## Task brief
What the response needs is every record, repeated verbatim, and no images.

## Dataset extract
========================================================================

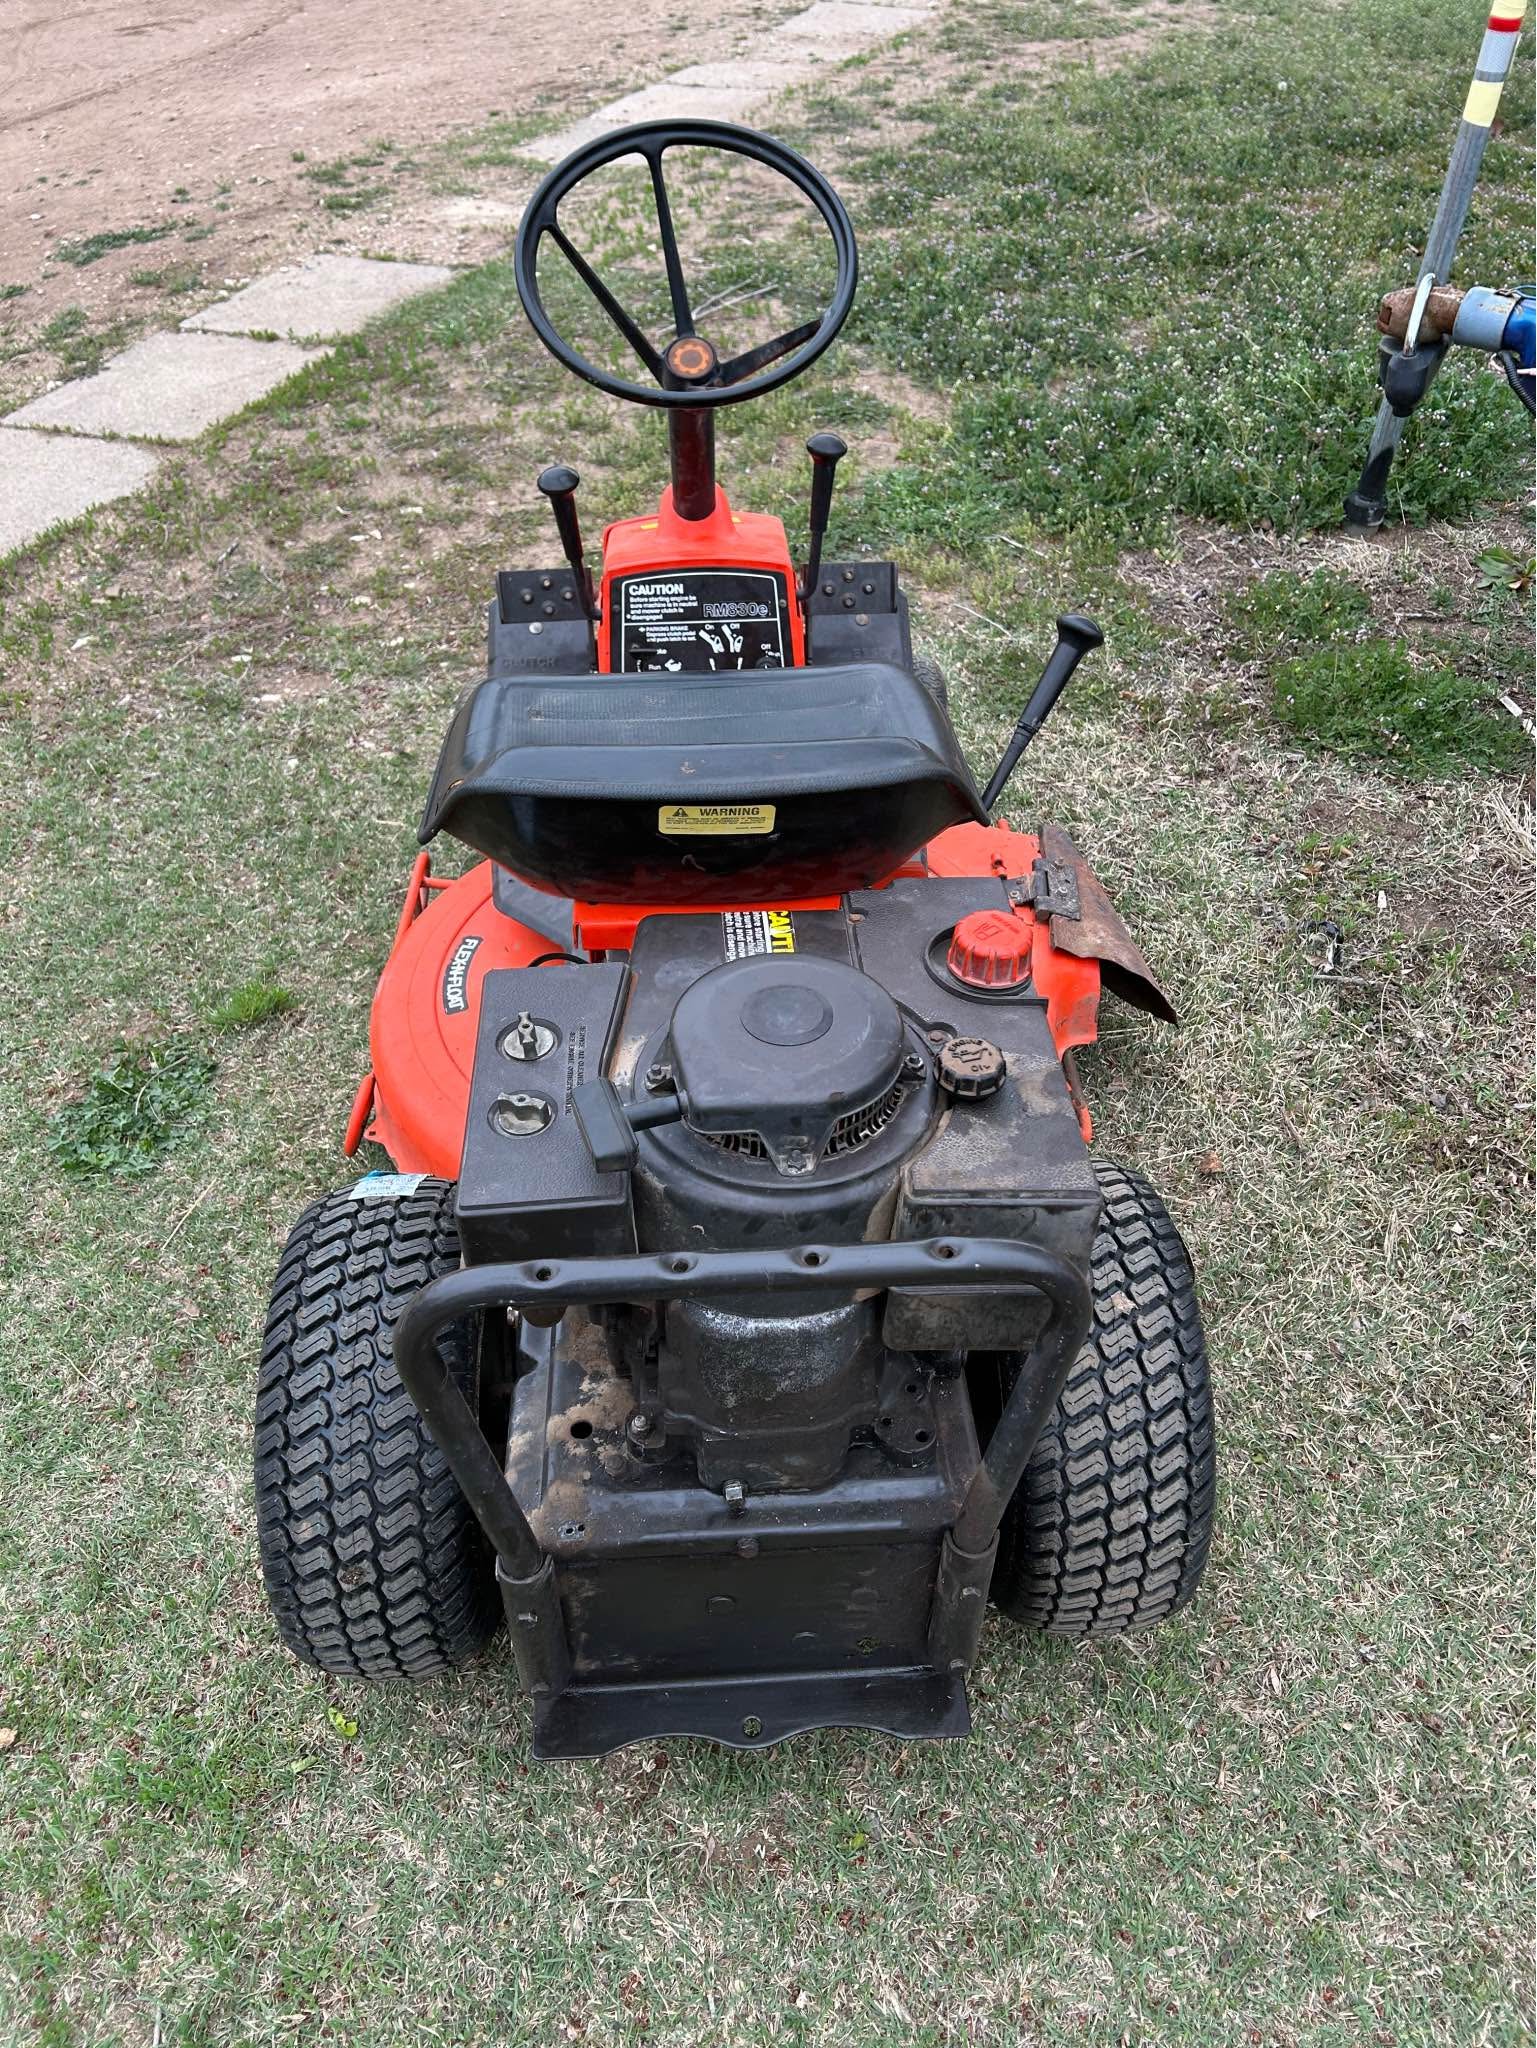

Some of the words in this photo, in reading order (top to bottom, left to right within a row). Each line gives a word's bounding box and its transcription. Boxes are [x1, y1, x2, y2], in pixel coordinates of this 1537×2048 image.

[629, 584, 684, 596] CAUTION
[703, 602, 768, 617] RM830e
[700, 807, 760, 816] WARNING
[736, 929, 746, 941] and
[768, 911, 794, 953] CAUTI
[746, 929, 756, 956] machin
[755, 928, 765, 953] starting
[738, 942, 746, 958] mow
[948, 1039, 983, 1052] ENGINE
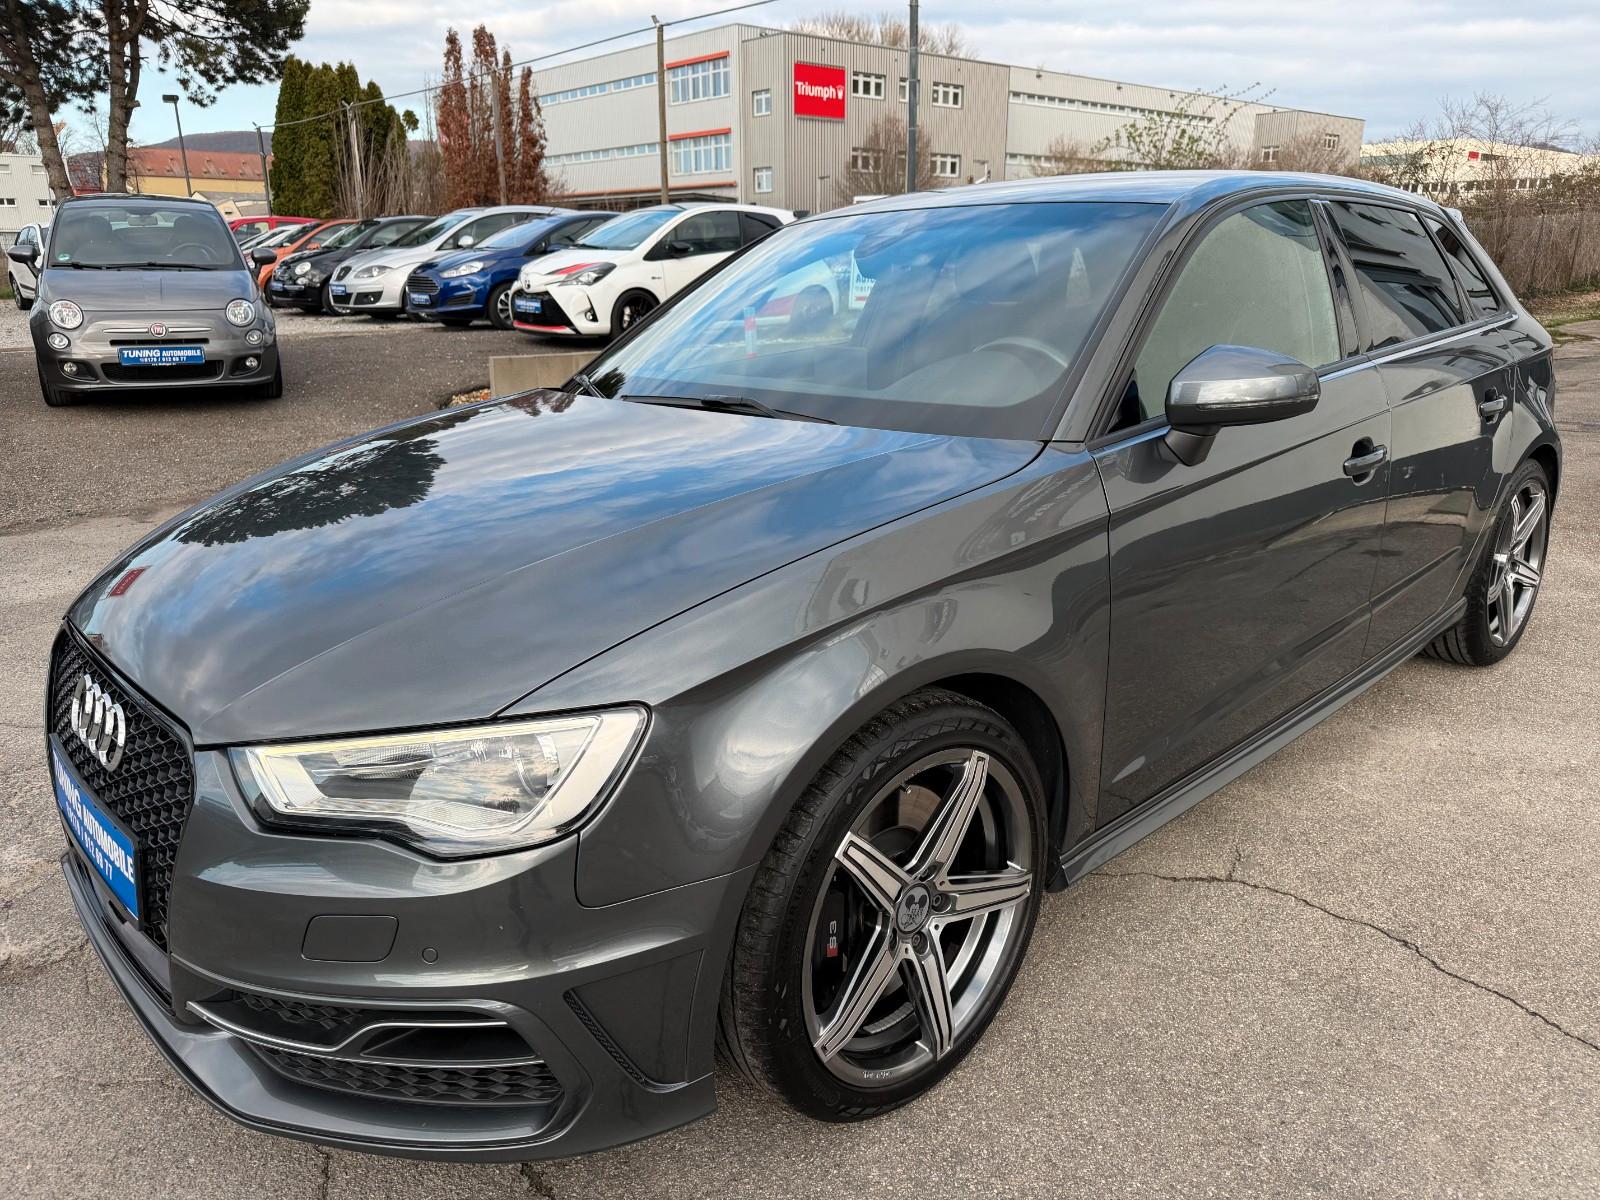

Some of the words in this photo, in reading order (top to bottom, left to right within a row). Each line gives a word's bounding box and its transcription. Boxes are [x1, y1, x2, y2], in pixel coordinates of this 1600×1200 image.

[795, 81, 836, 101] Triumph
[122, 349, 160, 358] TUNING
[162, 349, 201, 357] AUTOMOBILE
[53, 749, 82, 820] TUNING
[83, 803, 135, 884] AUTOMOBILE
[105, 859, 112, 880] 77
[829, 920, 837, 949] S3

========================================================================

## Task output
Some of the words in this photo, in reading order (top to bottom, left to right within a row). Each line gives a word's bounding box and its transcription. Boxes are [x1, y1, x2, y2], in pixel coordinates of this 1537×2048 image.

[629, 584, 684, 596] CAUTION
[703, 602, 768, 617] RM830e
[700, 807, 760, 816] WARNING
[736, 929, 746, 941] and
[768, 911, 794, 953] CAUTI
[746, 929, 756, 956] machin
[755, 928, 765, 953] starting
[738, 942, 746, 958] mow
[948, 1039, 983, 1052] ENGINE

Some of the words in this photo, in reading order (top to bottom, left to right within a row). Each line gives a word's bounding box and its transcription. Boxes are [x1, y1, x2, y2], in pixel coordinates of this 1600×1200 image.

[795, 81, 836, 101] Triumph
[122, 349, 160, 358] TUNING
[162, 349, 201, 357] AUTOMOBILE
[53, 749, 82, 820] TUNING
[83, 803, 135, 884] AUTOMOBILE
[105, 859, 112, 880] 77
[829, 920, 837, 949] S3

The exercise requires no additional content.